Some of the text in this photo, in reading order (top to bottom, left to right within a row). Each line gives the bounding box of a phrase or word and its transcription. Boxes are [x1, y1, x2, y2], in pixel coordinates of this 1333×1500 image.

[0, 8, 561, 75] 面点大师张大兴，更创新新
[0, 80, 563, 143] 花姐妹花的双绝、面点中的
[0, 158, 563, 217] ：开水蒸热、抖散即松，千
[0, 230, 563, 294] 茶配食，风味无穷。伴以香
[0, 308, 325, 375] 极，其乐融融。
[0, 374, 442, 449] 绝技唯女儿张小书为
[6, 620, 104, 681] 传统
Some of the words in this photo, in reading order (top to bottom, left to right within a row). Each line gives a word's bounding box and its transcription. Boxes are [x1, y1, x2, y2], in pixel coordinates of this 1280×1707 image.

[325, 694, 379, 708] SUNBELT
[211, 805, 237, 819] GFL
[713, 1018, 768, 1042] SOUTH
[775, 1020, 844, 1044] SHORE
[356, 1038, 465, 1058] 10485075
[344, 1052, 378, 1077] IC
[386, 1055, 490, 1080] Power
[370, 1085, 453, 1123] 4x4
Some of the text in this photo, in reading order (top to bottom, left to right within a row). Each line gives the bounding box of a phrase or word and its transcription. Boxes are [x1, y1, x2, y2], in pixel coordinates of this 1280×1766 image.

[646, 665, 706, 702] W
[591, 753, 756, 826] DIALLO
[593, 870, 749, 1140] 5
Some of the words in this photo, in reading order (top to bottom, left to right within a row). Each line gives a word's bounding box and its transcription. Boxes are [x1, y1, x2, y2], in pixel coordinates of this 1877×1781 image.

┄┄┄┄┄┄┄┄┄┄┄┄┄┄┄┄┄┄┄┄

• **EXERCISE BRIEF**:
Retype the entries in full. Keep every line identical.

• **ANSWER TO THIS PROBLEM**:
Some of the text in this photo, in reading order (top to bottom, left to right within a row). Each line gives the bounding box of a phrase or word and its transcription. Boxes are [x1, y1, x2, y2], in pixel coordinates of this 1333×1500 image.

[0, 8, 561, 75] 面点大师张大兴，更创新新
[0, 80, 563, 143] 花姐妹花的双绝、面点中的
[0, 158, 563, 217] ：开水蒸热、抖散即松，千
[0, 230, 563, 294] 茶配食，风味无穷。伴以香
[0, 308, 325, 375] 极，其乐融融。
[0, 374, 442, 449] 绝技唯女儿张小书为
[6, 620, 104, 681] 传统
Some of the words in this photo, in reading order (top to bottom, left to right within a row). Each line gives a word's bounding box and its transcription. Boxes are [x1, y1, x2, y2], in pixel coordinates of this 1280×1707 image.

[325, 694, 379, 708] SUNBELT
[211, 805, 237, 819] GFL
[713, 1018, 768, 1042] SOUTH
[775, 1020, 844, 1044] SHORE
[356, 1038, 465, 1058] 10485075
[344, 1052, 378, 1077] IC
[386, 1055, 490, 1080] Power
[370, 1085, 453, 1123] 4x4
Some of the text in this photo, in reading order (top to bottom, left to right within a row). Each line gives the bounding box of a phrase or word and its transcription. Boxes are [x1, y1, x2, y2], in pixel coordinates of this 1280×1766 image.

[646, 665, 706, 702] W
[591, 753, 756, 826] DIALLO
[593, 870, 749, 1140] 5
Some of the words in this photo, in reading order (top to bottom, left to right within a row). Each line gives a word's bounding box and its transcription. Boxes are [x1, y1, x2, y2], in pixel coordinates of this 1877×1781 image.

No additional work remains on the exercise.